Download or read book Natural Disasters Cultural Responses written by Christof Mauch and published by Lexington Books. This book was released on 2009-03-16 with total page 395 pages. Available in PDF, EPUB and Kindle. Book excerpt: Catastrophes, it seems, are becoming more frequent in the twenty-first century. According to UN statistics, every year approximately two hundred million people are directly affected by natural disasters_seven times the number of people who are affected by war. Discussions about global warming and fatal disasters such as Katrina and the Tsunami of 2004 have heightened our awareness of natural disasters and of their impact on both local and global communities. Hollywood has also produced numerous disaster movies in recent years, some of which have become blockbusters. This volume demonstrates that natural catastrophes_earthquakes, hurricanes, floods, etc._have exercised a vast impact on humans throughout history and in almost every part of the world. It argues that human attitudes toward catastrophes have changed over time. Surprisingly, this has not necessarily led to a reduction of exposure or risk. The organization of the book resembles a journey around the globe_from Europe to North Africa, the Middle East, and Asia, and from the Pacific through South America and Mexico to the United States. While natural disasters appear everywhere on the globe, different cultures, societies, and nations have adopted specific styles for coping with disaster. Indeed, how humans deal with catastrophes depends largely on social and cultural patterns, values, religious belief systems, political institutions, and economic structures. The roles that catastrophes play in society and the meanings they are given vary from one region to the next; they differ_and this is one of the principal arguments of this book_from one cultural, political, and geographic space to the next. The essays collected here help us to understand not only how people in different times throughout history have learned to cope with disaster but also how humans in different parts of the world have developed specific cultural, social, and technological strategies for doing so.

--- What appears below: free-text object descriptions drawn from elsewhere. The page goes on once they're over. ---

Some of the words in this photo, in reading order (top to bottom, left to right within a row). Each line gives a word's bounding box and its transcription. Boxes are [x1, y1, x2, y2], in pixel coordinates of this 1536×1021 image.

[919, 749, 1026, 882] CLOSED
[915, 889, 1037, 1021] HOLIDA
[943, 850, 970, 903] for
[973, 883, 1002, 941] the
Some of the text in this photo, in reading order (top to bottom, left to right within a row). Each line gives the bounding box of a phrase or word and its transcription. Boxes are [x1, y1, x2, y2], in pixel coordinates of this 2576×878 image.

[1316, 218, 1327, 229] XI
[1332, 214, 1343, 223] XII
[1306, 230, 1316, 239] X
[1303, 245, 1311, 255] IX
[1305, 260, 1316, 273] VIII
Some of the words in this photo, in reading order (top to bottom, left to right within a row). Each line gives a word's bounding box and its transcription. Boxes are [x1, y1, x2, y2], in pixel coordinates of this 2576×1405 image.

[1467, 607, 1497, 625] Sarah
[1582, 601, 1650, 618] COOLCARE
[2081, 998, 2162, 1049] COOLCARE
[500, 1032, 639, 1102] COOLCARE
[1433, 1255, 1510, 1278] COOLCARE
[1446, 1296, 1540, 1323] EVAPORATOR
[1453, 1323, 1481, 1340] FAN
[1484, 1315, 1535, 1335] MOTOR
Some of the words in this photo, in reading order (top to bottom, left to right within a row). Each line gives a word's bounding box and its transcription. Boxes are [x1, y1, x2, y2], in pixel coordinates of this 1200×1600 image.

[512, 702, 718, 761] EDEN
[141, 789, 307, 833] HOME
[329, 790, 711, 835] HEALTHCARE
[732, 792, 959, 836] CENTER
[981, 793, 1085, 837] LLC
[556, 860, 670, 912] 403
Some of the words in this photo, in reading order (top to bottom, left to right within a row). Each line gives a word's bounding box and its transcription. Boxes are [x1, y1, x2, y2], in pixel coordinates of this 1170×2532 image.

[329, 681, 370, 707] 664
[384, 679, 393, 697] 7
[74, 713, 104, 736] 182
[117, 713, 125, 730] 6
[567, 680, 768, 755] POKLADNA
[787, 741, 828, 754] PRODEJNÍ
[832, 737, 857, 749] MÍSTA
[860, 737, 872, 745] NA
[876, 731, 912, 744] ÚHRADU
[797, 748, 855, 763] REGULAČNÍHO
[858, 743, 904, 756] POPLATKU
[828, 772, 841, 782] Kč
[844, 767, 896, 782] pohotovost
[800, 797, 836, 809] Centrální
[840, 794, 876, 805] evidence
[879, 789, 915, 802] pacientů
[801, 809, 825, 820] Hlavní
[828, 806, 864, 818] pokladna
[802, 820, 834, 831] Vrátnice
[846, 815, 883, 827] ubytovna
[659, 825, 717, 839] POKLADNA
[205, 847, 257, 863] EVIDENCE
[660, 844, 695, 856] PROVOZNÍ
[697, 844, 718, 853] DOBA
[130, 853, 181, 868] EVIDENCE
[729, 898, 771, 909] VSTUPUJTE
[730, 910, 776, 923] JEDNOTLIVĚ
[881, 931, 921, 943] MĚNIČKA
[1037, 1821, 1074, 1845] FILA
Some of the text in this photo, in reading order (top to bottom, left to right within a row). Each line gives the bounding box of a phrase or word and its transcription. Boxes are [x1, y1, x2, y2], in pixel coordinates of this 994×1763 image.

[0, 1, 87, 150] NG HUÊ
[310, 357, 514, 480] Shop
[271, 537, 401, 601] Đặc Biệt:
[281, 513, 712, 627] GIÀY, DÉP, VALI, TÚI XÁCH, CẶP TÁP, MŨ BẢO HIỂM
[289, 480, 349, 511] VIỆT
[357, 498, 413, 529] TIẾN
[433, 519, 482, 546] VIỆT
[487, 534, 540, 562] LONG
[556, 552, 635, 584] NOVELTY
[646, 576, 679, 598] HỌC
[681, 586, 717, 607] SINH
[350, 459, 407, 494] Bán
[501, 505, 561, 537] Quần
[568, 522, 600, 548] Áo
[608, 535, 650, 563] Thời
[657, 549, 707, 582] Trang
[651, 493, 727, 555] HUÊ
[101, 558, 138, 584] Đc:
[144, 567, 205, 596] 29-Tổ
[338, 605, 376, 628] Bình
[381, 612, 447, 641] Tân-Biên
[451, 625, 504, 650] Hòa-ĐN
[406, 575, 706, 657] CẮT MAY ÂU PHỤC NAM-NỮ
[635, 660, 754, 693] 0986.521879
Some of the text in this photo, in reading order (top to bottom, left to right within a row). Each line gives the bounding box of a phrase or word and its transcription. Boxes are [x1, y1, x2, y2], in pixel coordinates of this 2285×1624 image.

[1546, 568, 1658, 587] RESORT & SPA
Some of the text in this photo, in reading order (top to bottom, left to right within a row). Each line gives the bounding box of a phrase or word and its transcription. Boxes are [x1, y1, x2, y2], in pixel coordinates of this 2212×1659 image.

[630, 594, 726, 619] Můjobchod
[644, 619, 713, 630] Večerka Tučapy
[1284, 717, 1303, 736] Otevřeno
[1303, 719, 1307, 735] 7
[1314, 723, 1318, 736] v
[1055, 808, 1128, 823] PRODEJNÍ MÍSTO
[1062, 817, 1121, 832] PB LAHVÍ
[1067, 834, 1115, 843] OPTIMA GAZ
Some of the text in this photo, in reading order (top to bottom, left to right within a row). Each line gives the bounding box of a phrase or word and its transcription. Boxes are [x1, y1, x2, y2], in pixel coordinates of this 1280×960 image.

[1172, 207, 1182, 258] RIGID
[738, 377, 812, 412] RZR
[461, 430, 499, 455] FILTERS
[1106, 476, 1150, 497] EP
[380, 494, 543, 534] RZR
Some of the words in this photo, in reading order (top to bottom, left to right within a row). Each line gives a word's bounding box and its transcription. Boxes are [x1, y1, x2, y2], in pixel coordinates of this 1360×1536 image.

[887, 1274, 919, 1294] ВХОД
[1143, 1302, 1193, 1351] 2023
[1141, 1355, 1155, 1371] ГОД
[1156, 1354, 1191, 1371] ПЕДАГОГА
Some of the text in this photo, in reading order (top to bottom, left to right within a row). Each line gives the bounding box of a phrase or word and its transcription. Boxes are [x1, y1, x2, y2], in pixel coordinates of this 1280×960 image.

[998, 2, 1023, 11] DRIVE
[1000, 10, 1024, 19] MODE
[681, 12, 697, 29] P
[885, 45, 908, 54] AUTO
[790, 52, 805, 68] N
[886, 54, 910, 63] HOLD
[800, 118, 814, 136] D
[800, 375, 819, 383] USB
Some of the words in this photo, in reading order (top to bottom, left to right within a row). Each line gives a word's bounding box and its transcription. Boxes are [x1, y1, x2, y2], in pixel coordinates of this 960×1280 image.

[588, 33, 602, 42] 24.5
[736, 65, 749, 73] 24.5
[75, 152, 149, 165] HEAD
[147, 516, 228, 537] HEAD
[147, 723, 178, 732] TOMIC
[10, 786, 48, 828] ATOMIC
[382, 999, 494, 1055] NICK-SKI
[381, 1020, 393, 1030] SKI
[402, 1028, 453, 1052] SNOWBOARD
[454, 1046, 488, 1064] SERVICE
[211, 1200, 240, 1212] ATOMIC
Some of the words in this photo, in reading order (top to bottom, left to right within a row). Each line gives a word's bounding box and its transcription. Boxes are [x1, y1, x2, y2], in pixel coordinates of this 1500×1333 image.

Book The Culture of Disaster

    Book Details:
  • Author : Marie-Hélène Huet
  • Publisher : University of Chicago Press
  • Release : 2012-10-04
  • ISBN : 0226358216
  • Pages : 273 pages

Download or read book The Culture of Disaster written by Marie-Hélène Huet and published by University of Chicago Press. This book was released on 2012-10-04 with total page 273 pages. Available in PDF, EPUB and Kindle. Book excerpt: From antiquity through the Enlightenment, disasters were attributed to the obscure power of the stars or the vengeance of angry gods. As philosophers sought to reassess the origins of natural disasters, they also made it clear that humans shared responsibility for the damages caused by a violent universe. This far-ranging book explores the way writers, thinkers, and artists have responded to the increasingly political concept of disaster from the Enlightenment until today. Marie-Hélène Huet argues that post-Enlightenment culture has been haunted by the sense of emergency that made natural catastrophes and human deeds both a collective crisis and a personal tragedy. From the plague of 1720 to the cholera of 1832, from shipwrecks to film dystopias, disasters raise questions about identity and memory, technology, control, and liability. In her analysis, Huet considers anew the mythical figures of Medusa and Apollo, theories of epidemics, earthquakes, political crises, and films such as Blow-Up and Blade Runner. With its scope and precision, The Culture of Disaster will appeal to a wide public interested in modern culture, philosophy, and intellectual history.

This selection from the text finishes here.